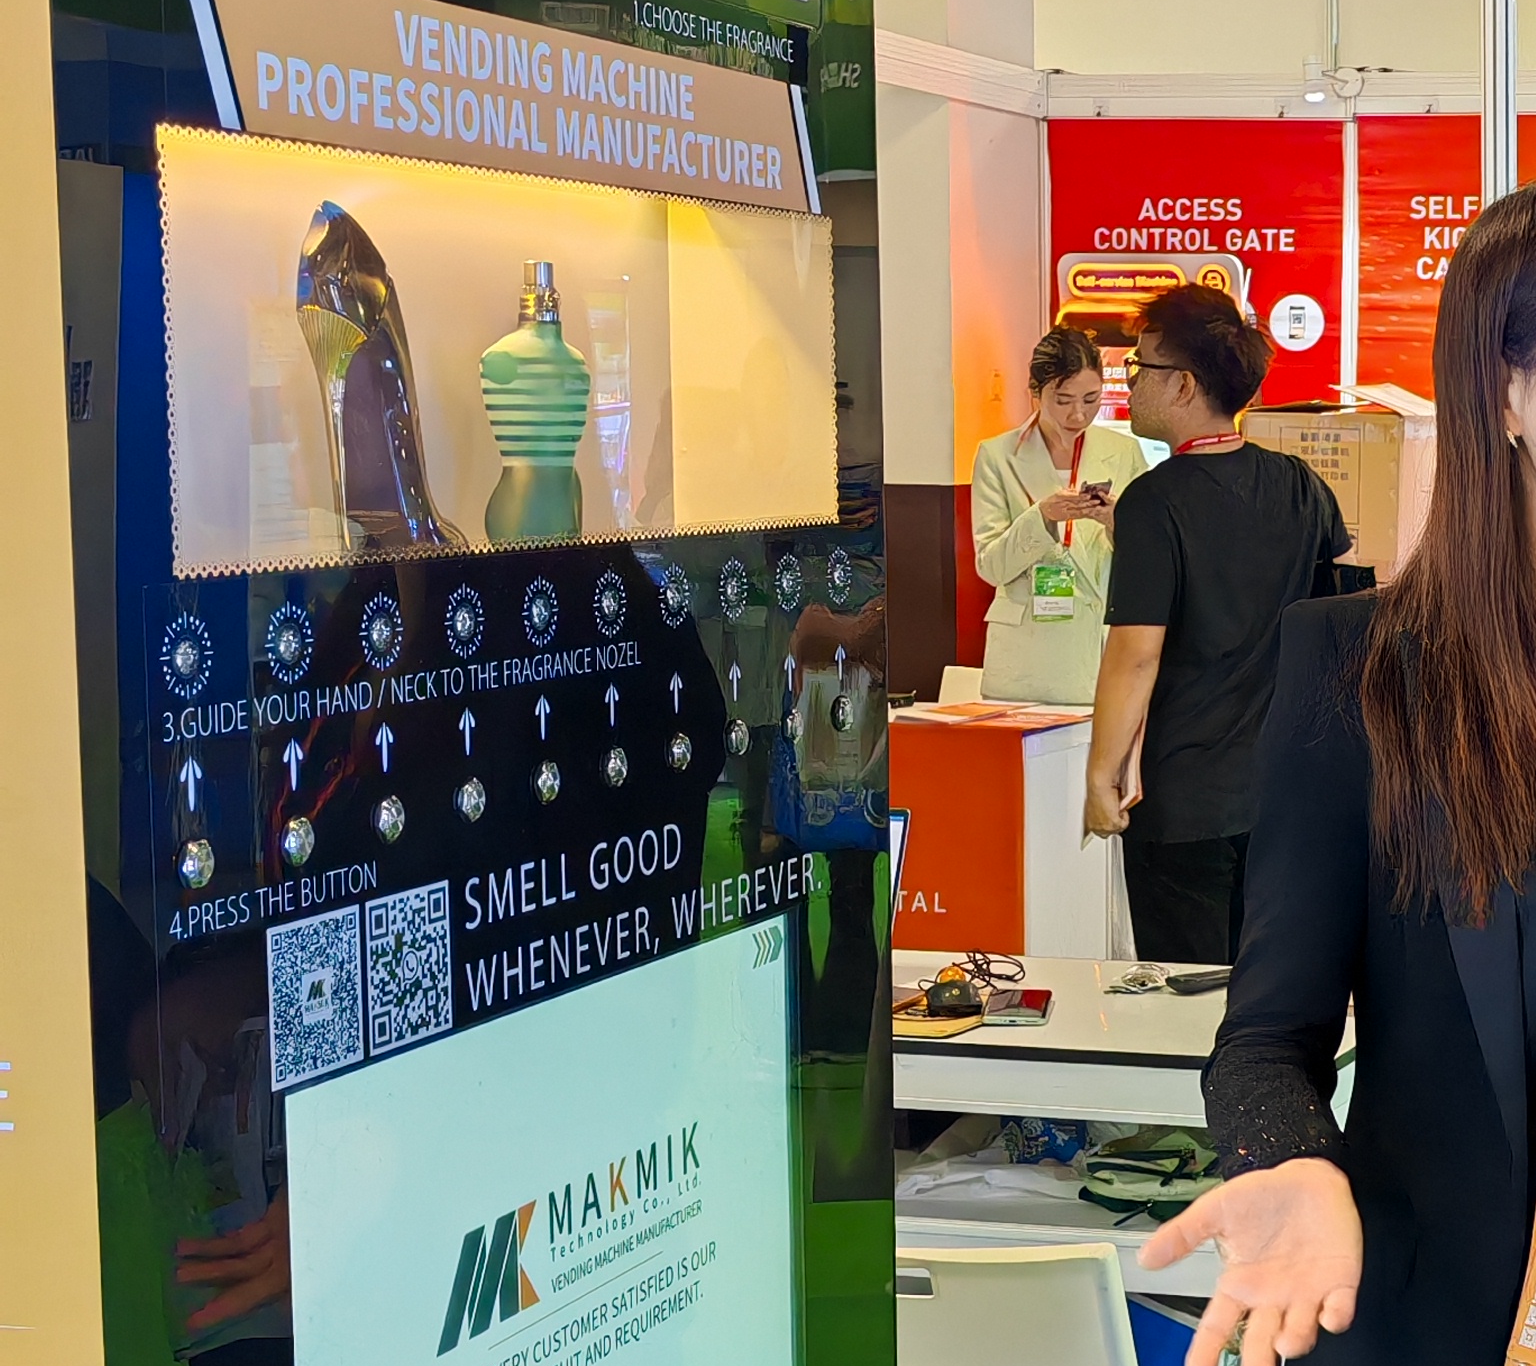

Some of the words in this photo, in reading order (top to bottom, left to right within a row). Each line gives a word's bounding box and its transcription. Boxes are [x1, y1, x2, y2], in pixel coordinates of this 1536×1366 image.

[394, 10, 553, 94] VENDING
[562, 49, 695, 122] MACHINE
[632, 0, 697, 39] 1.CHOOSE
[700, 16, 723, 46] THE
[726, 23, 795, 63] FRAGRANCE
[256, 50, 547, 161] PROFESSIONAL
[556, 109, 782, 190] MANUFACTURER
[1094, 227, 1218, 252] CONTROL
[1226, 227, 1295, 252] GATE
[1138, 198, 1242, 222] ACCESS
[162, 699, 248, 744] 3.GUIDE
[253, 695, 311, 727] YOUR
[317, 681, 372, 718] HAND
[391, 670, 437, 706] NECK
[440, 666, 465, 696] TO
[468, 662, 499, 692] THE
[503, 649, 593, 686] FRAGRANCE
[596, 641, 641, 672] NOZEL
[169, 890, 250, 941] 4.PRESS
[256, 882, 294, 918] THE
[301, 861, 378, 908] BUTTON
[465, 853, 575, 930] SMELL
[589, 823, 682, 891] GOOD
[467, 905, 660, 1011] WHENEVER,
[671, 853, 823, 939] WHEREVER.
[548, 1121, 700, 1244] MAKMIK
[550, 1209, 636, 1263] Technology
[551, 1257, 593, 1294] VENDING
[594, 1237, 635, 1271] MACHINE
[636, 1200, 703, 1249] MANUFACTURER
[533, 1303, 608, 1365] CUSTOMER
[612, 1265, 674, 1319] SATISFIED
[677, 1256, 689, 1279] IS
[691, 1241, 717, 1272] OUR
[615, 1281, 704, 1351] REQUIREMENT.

● ● ● ● ● ● ●

Output all the material exactly. The pictures are to be left out.

Some of the words in this photo, in reading order (top to bottom, left to right within a row). Each line gives a word's bounding box and its transcription. Boxes are [x1, y1, x2, y2], in pixel coordinates of this 1536×1366 image.

[394, 10, 553, 94] VENDING
[562, 49, 695, 122] MACHINE
[632, 0, 697, 39] 1.CHOOSE
[700, 16, 723, 46] THE
[726, 23, 795, 63] FRAGRANCE
[256, 50, 547, 161] PROFESSIONAL
[556, 109, 782, 190] MANUFACTURER
[1094, 227, 1218, 252] CONTROL
[1226, 227, 1295, 252] GATE
[1138, 198, 1242, 222] ACCESS
[162, 699, 248, 744] 3.GUIDE
[253, 695, 311, 727] YOUR
[317, 681, 372, 718] HAND
[391, 670, 437, 706] NECK
[440, 666, 465, 696] TO
[468, 662, 499, 692] THE
[503, 649, 593, 686] FRAGRANCE
[596, 641, 641, 672] NOZEL
[169, 890, 250, 941] 4.PRESS
[256, 882, 294, 918] THE
[301, 861, 378, 908] BUTTON
[465, 853, 575, 930] SMELL
[589, 823, 682, 891] GOOD
[467, 905, 660, 1011] WHENEVER,
[671, 853, 823, 939] WHEREVER.
[548, 1121, 700, 1244] MAKMIK
[550, 1209, 636, 1263] Technology
[551, 1257, 593, 1294] VENDING
[594, 1237, 635, 1271] MACHINE
[636, 1200, 703, 1249] MANUFACTURER
[533, 1303, 608, 1365] CUSTOMER
[612, 1265, 674, 1319] SATISFIED
[677, 1256, 689, 1279] IS
[691, 1241, 717, 1272] OUR
[615, 1281, 704, 1351] REQUIREMENT.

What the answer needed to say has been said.